Absence of recipient C3aR1 signaling limits expansion and differentiation of alloreactive CD8 T cell immunity and prolongs murine cardiac allograft survival.

Activation, differentiation, and expansion of alloreactive CD8 T cells, the dominant effectors that mediate murine heart allograft rejection, requires allorecognition, costimulation, and cytokine-initiated signals. While previous work showed that alloreactive CD4 T cell immunity entails immune cell-produced and locally activated complement, whether and how C3a receptor 1 (C3aR1) signaling impacts transplant outcomes and the mechanisms linking C3aR1 to alloreactive CD8 T cell activation/expansion remain unclear. Herein we show that recipient C3aR1 deficiency or pharmacological C3aR1 blockade synergizes with tacrolimus to significantly prolong allograft survival versus tacrolimus-treated controls (median survival time 21 vs. 14 days, P < .05).

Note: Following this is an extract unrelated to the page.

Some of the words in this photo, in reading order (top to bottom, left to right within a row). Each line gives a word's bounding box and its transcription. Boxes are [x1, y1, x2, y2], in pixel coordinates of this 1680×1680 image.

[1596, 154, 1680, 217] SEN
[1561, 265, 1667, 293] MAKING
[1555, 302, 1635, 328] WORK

Recipient C3aR1-deficiency reduced the frequencies of posttransplant, donor-reactive CD8 T cells twofold. Reciprocal adoptive transfers of naive WT or C3ar1 CD8 T cells into syngeneic WT or C3ar1 allograft recipients showed that T cell-expressed C3aR1 induces CD8 T proliferation, mTOR activation and transcription factor T-bet expression. Host C3aR1 indirectly facilitates alloreactive CD8 T cell proliferation/expansion by amplifying antigen presenting cell costimulatory molecule expression and innate cytokine production. In addition to expanding mechanistic insight, our findings identify C3aR1 as a testable therapeutic target for future studies aimed at improving human transplant outcomes.